Сразу после полуночи у ямы снова возникло оживление. Подьячий Прохор привел стрелецкого сотника Штрекенхорна, что-то кричал, топал ногами, придирался к выправке полусонных часовых, и, наконец, велел им убираться к черту. На хрен такой караул! Лучше замок навесить.
Караул убрался, потом вернулся, не доходя ямы свернул к пристенным лабазам, откуда вскоре донеслось кудахтанье разбуженных кур, мат, грохот железа. Потом песня. Караульные весело промаршировали мимо ямы, сбросили на крышку ржавую цепь с замком неизвестной системы, а бочонок с жидкостью известной крепости сбрасывать не пожелали. Песня переместилась в гридницу и пелась еще с час. Все это время крышка ямы оставалась незамкнутой, и вор с досадой поминал русское раздолбайство на любом году службы. Наконец, пришла пара служивых. Поддерживая друг друга в борьбе со всемирным тяготением, воины кое-как растянули цепь поперек крышки, продели концы в шаткие кольца, а уж замок вставить в звенья цепи им помог, не иначе, как святой Петр – ключник Бога и организатор хмельного поста.
Так что, если чей-то глаз наблюдал в эти минуты за окрестностями ямы, он много веселился и с трудом сдерживал ехидный смех.
В пределах Кремля находилось, однако, несколько человек, которым было не до смеха. Первый, царь Иван, инструктировал в своем покое второго — молодого человека в черном. Черное на нем было непривычным для московского обихода. Здесь не удивлялись монашеским облачениям, черным от пыли и копоти армякам мастеровых. Но ночной гость Грозного был одет в щегольский костюм польского кроя с короткой накидкой. У него был вовсе нерусский вид при вполне русском имени. Звали молодого человека Иван Глухов. Он числился при Поместном приказе, основанном четыре года назад для присмотра за раздачей вотчин.
Два Ивана разговаривали полушепотом, хотя вокруг никого не было. Иван Глухов рассказывал о своих наблюдениях за передачей волостей в последние недели. Оказывалось, что братья Захарьины за месяц потеряли с полдюжины уездов, солеварни у Перми, земли в окрестностях двух монастырей. Представление на передачу выморочных вотчин, промыслов и наделов давал, как обычно Разрядный приказ. Значит, он под адашевцами, несмотря на отъезд Алексея, — заключил Глухов.

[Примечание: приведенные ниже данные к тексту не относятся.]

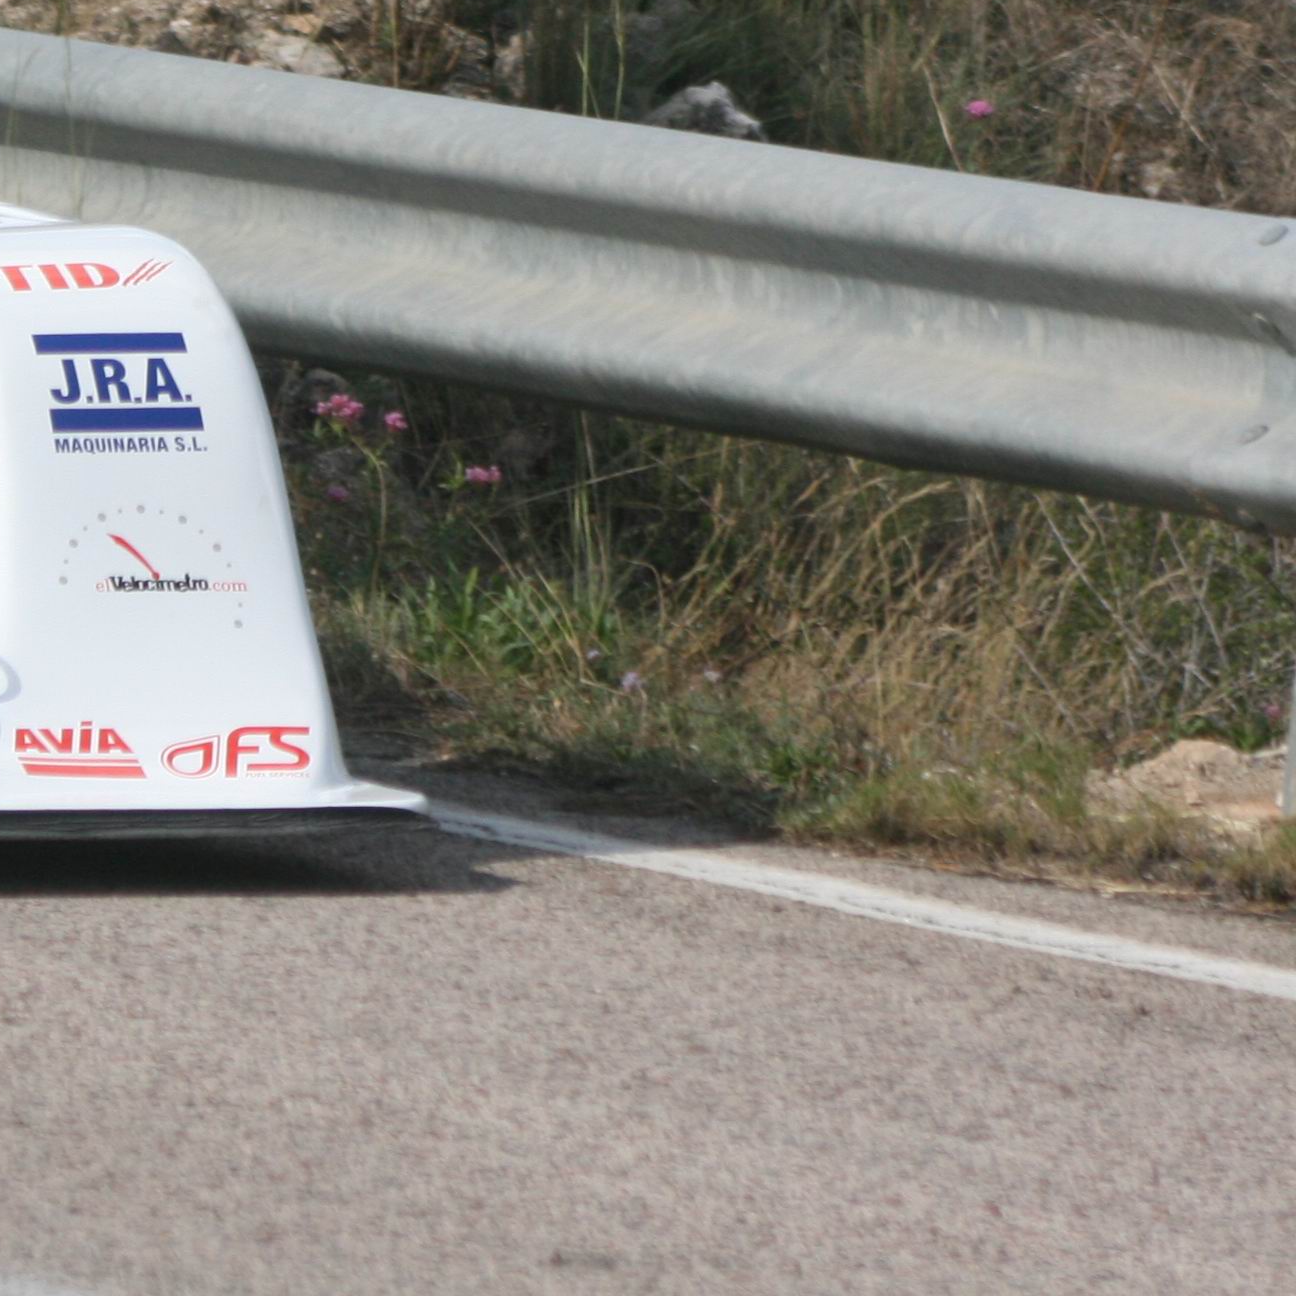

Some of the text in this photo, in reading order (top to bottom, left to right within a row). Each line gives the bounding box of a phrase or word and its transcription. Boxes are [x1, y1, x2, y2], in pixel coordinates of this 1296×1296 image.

[50, 357, 192, 405] J.R.A.
[54, 436, 209, 454] MAQUINARIA S.L.

Грозный спокойно кивал доносчику головой, и не свирепел по обыкновению, потом спокойно перевел беседу в другое русло. Глухов получил указание взять людей и немедля приступить к скрытному наблюдению за ямой. Любого, кто подойдет к ней, проследить до логова. Ничего не предпринимать, обо всем увиденном и услышанном доложить. Глухов растворился в ночи.

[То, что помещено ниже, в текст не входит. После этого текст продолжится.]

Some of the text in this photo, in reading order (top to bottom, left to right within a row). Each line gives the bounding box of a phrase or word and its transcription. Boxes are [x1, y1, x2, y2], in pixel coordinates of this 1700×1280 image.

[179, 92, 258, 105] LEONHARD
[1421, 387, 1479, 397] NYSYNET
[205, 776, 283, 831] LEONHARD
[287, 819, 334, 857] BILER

Грозный довольно вспоминал поучение старца Вассиана: «Призывай молодых». Сейчас во всех трех главных приказах — Разрядном, Поместном и Большого Дворца служили скромные ребята из незнатных семей. Они бледными тенями скользили по приказным избам, все запоминали, все сообщали царю. Прошку, конечно, бледной тенью не назовешь, но в Большом Дворце худым быть подозрительно.
Еще не спалось в кремлевской ограде сотнику Штрекенхорну. Он более других стрельцов уловил напряжение момента. Поэтому и пил меньше. Сидел на лавке поближе к двери и во всеоружии. Длинный меч шведской выделки тянул кожаную перевязь, давил на плечо. Бердыш на тяжелой дубовой рукояти стоял в уголке за дверью. Был у Штрекенхорна даже пистолет. Он заряжал его раз в неделю перед караулом. Сейчас пистолет оставался заряженным третий день, и сотник опасался за его огнестрельные свойства.
Не спал и Прохор. То есть, ему спать не давали. Ключник царицы Анисим Петров ходил по каморке Прошки из угла в угол и при каждом проходе толкал подьячего в плечо. Такова была в эту ночь служба Анисима.
Вот кажется и все. Нет, еще двое не спали. Оглашенный вор Федор Смирной боролся со сном в яме под епанчой. Кот Истома мешал ему бороться громким сопением, переходящим в храп. Кот дрых без задних ног — слишком плотно поужинал, слишком многое пережил за день. Под мурлыканье Истомы спать хотелось вдвойне.
Второй неспящий бездвижно сидел в прорези большой звонницы, спиной ко дворцу — лицом к яме, и смотрел вниз. Если бы в русской традиции нашлось место для каменных изваяний, этого наблюдателя можно было посчитать гранитной химерой.